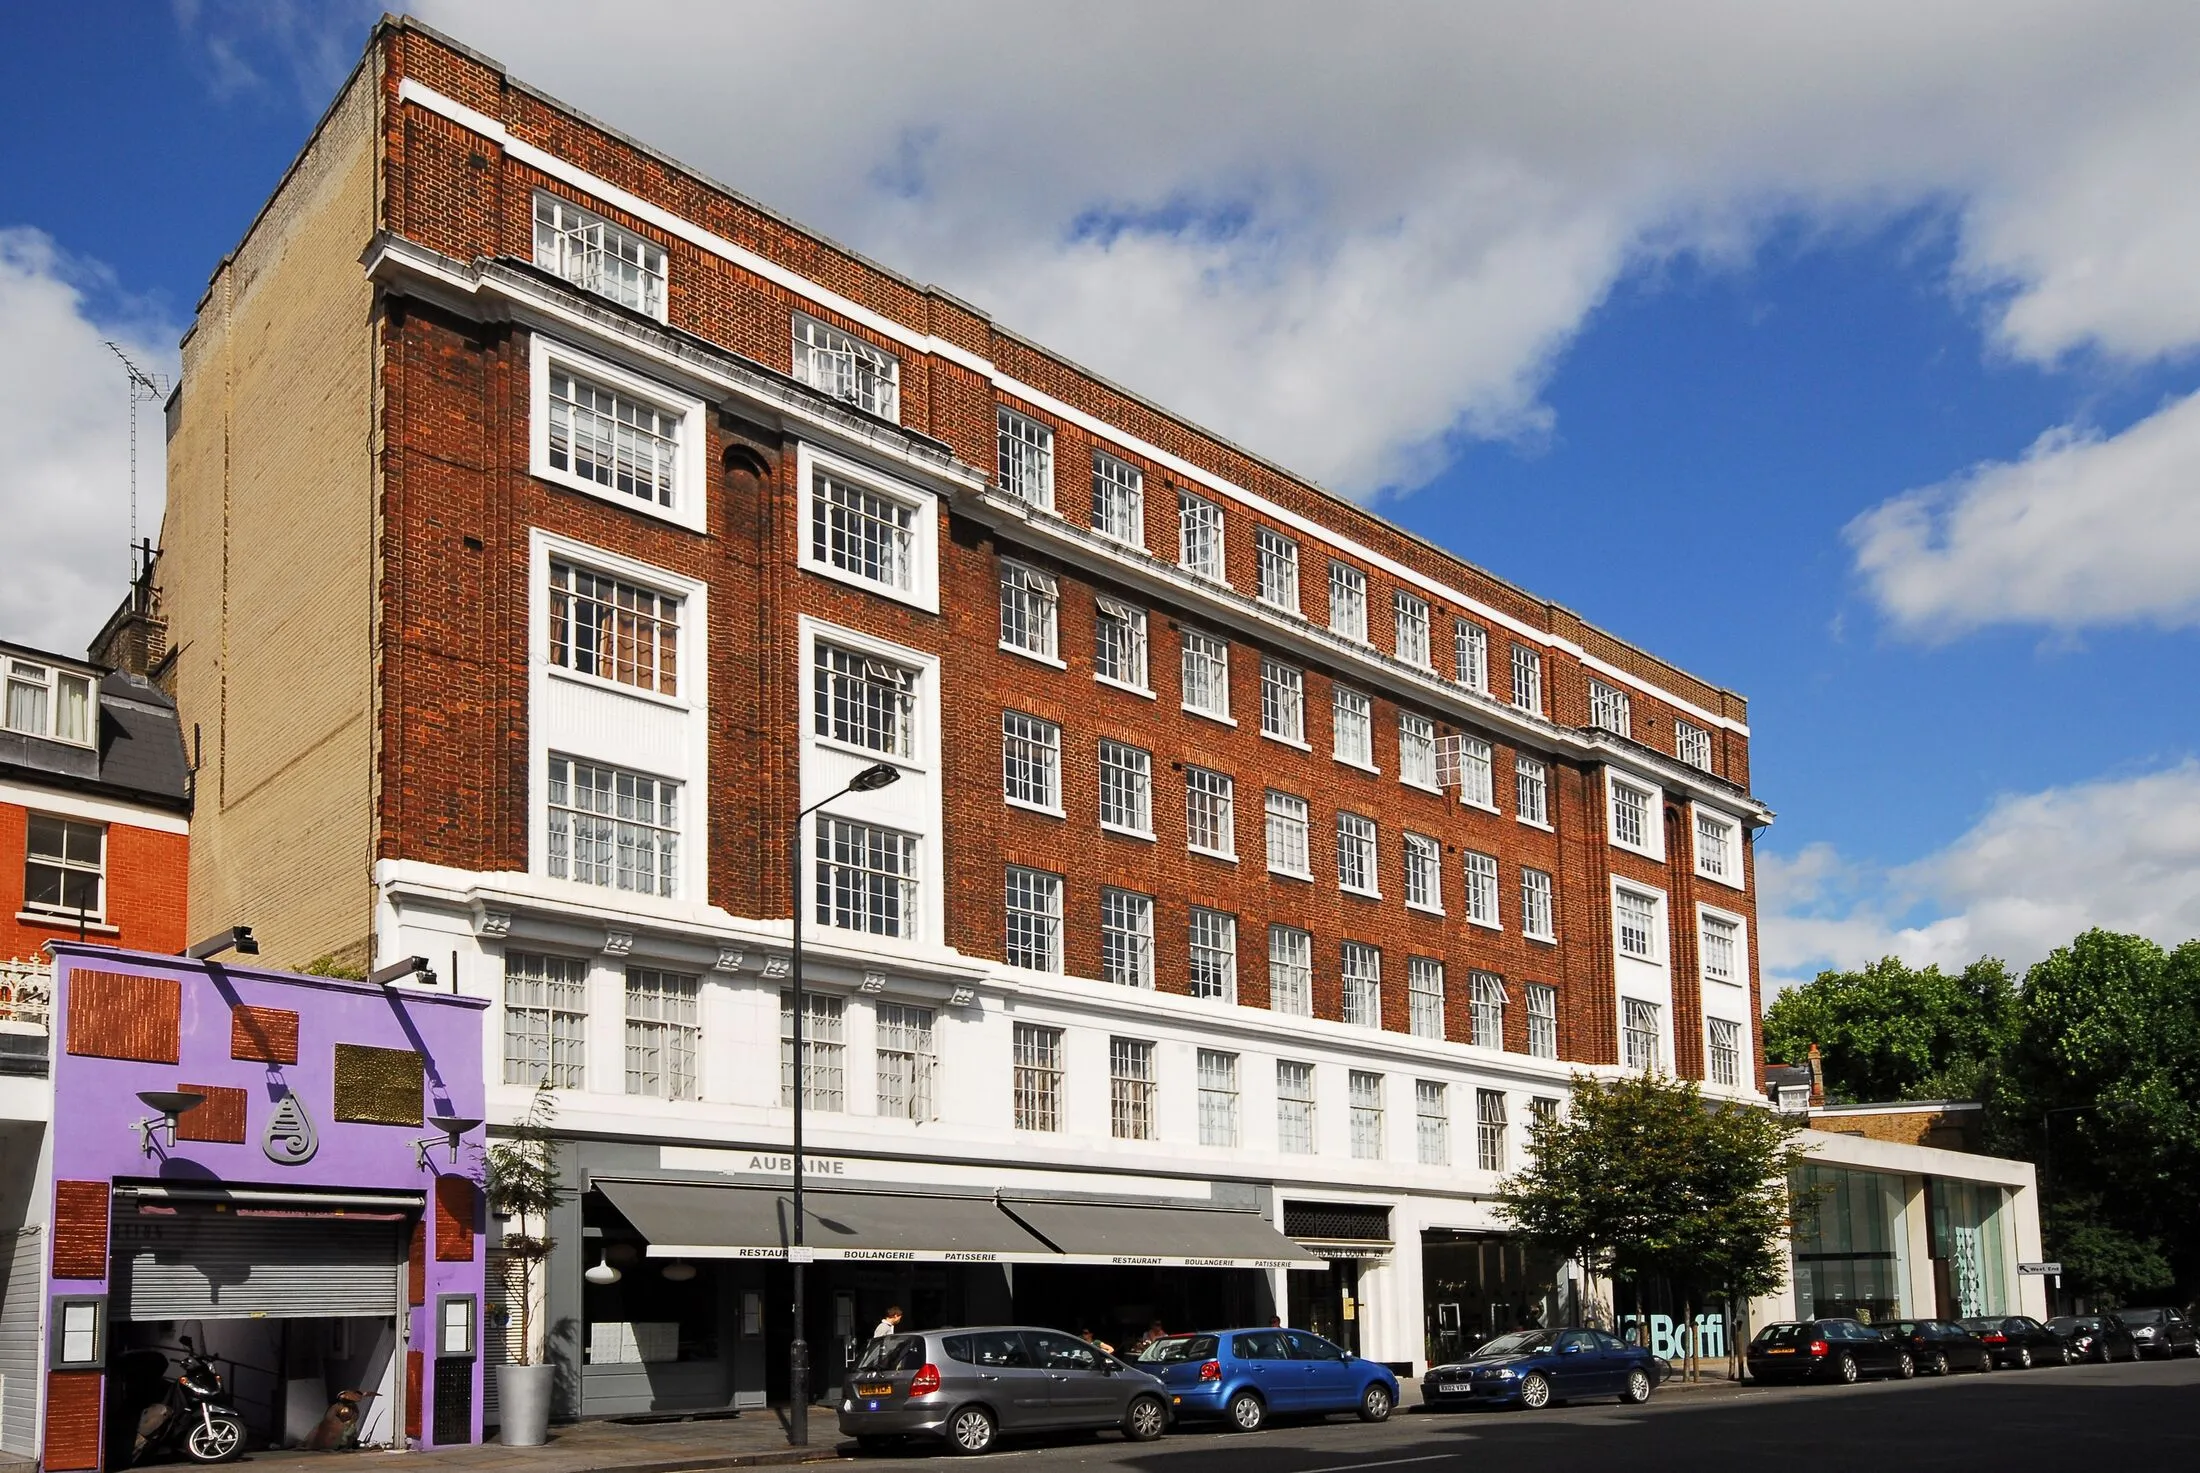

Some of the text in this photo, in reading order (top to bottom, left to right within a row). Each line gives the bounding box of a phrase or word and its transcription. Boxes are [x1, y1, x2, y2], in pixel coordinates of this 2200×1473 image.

[844, 1251, 915, 1259] BOULANGERIE
[945, 1253, 996, 1261] PATISSERIE
[1112, 1257, 1163, 1265] RESTAURANT
[1650, 1314, 1724, 1360] Boffi

• [Your task]: Only the text of the listing should be returned, exactly and in full; no image goes into the copy.

• [Final answer]:
Some of the text in this photo, in reading order (top to bottom, left to right within a row). Each line gives the bounding box of a phrase or word and its transcription. Boxes are [x1, y1, x2, y2], in pixel coordinates of this 2200×1473 image.

[844, 1251, 915, 1259] BOULANGERIE
[945, 1253, 996, 1261] PATISSERIE
[1112, 1257, 1163, 1265] RESTAURANT
[1650, 1314, 1724, 1360] Boffi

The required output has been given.